Page MenuHomeSolus

libEGL_nvidia.so.1 should really have been libEGL_nvidia.so.0
ClosedPublic

Authored by xulongwu4 on Dec 1 2018, 11:06 PM.

Details

Summary

The naming scheme of the shared libraries in nvidia-glx-driver-common is not correct.
This causes runtime error when running nvidia-docker.
This patch uses the SONAME reported by objdump to determine the library name.

Test Plan

Tested with nvidia-docker (D4518).

Diff Detail

Repository
R2210 nvidia-glx-driver
Lint
Automatic diff as part of commit; lint not applicable.
Unit
Automatic diff as part of commit; unit tests not applicable.
xulongwu4 created this revision.Dec 1 2018, 11:06 PM
xulongwu4 requested review of this revision.Dec 1 2018, 11:06 PM
xulongwu4 edited the test plan for this revision. (Show Details)Dec 1 2018, 11:08 PM
DataDrake accepted this revision.Dec 11 2018, 3:06 AM
DataDrake added a subscriber: DataDrake.

LGTM. Thanks!

This revision is now accepted and ready to land.Dec 11 2018, 3:06 AM
DataDrake requested changes to this revision.Dec 11 2018, 3:12 AM

Needs a rebuild

This revision now requires changes to proceed.Dec 11 2018, 3:12 AM

Is there anything I still need to do for this patch? @DataDrake

the rest is fine, it just needs rebuild because there were new releases

xulongwu4 updated this revision to Diff 11357.Dec 11 2018, 4:37 AM

Fix release number

You can't just edit it that way, it needs to be rebased on the latest commit from the repo.

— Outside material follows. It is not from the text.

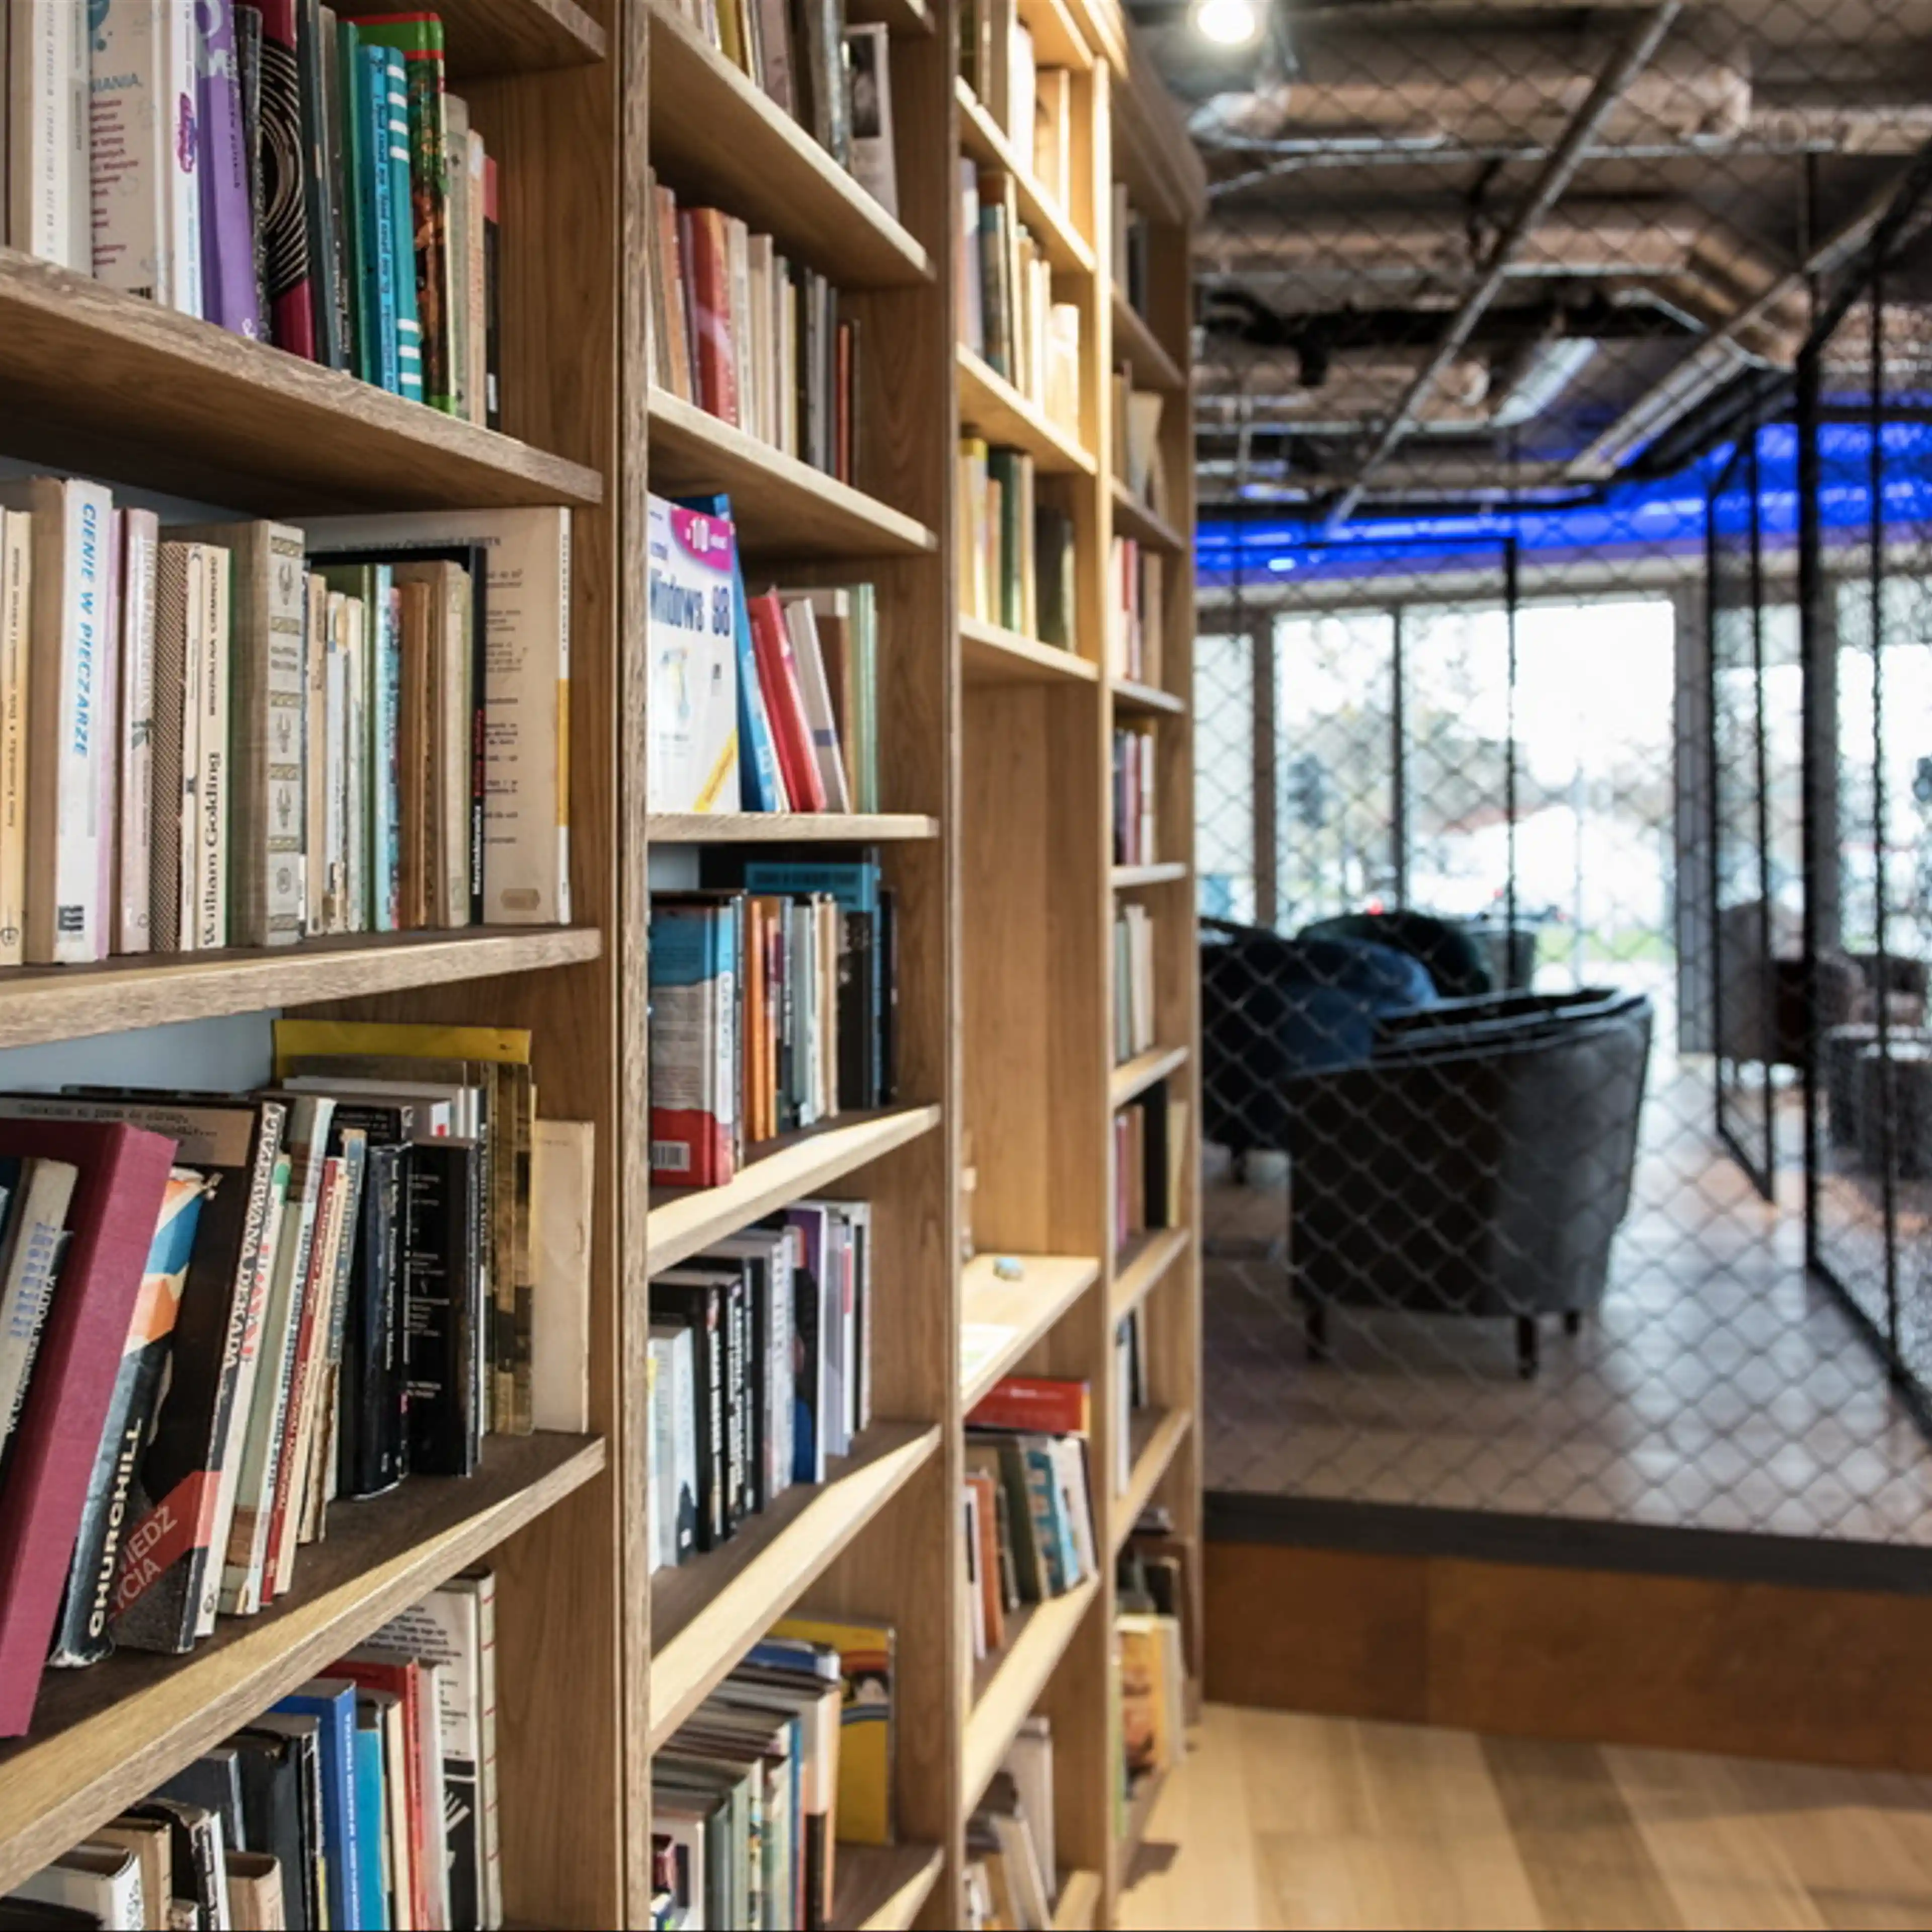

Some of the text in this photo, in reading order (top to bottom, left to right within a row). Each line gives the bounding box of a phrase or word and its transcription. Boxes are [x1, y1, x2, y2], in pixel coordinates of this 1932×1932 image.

xulongwu4 updated this revision to Diff 11360.Dec 11 2018, 4:43 AM

Rebuild the package

I'm trying to be clear here, but you aren't following. You need to rebase the patch on the latest commit. That isn't fixed with a rebuild. You need to do it with git.

So when you do figure that out, you also need to fix the dozen or so missing libraries. that's not ok.

xulongwu4 updated this revision to Diff 11361.Dec 11 2018, 4:52 AM

Rebase the patch on latest commit

JoshStrobl added inline comments.
package.yml
134–137

Why are you doing all this and not just changing the .1 to .0 in the symlink call?

So when you do figure that out, you also need to fix the dozen or so missing libraries. that's not ok.

The libraries aren't really missing here. What are missing are some symlinks.

I modified the redo_libs function in the package.yml file. So now it creates the symlink based on the reported soname of the libraries. For some libraries, e.g. libnvidia-gtk3.so.410.78, its soname is also libnvidia-gtk3.so.410.78. Thus the function won't create the symlink libnvidia-gtk3.so.1 for it. While with the original redo_libs function this symlink would have been created. There are about 10 libraries whose sonames match their current names, and the symlinks to those are "missing" in the new build. However, they should not impact anything.

Or you could just change line 142 to reflect .0 instead of .1, it would work the same and you wouldn't go breaking my symlinks. :)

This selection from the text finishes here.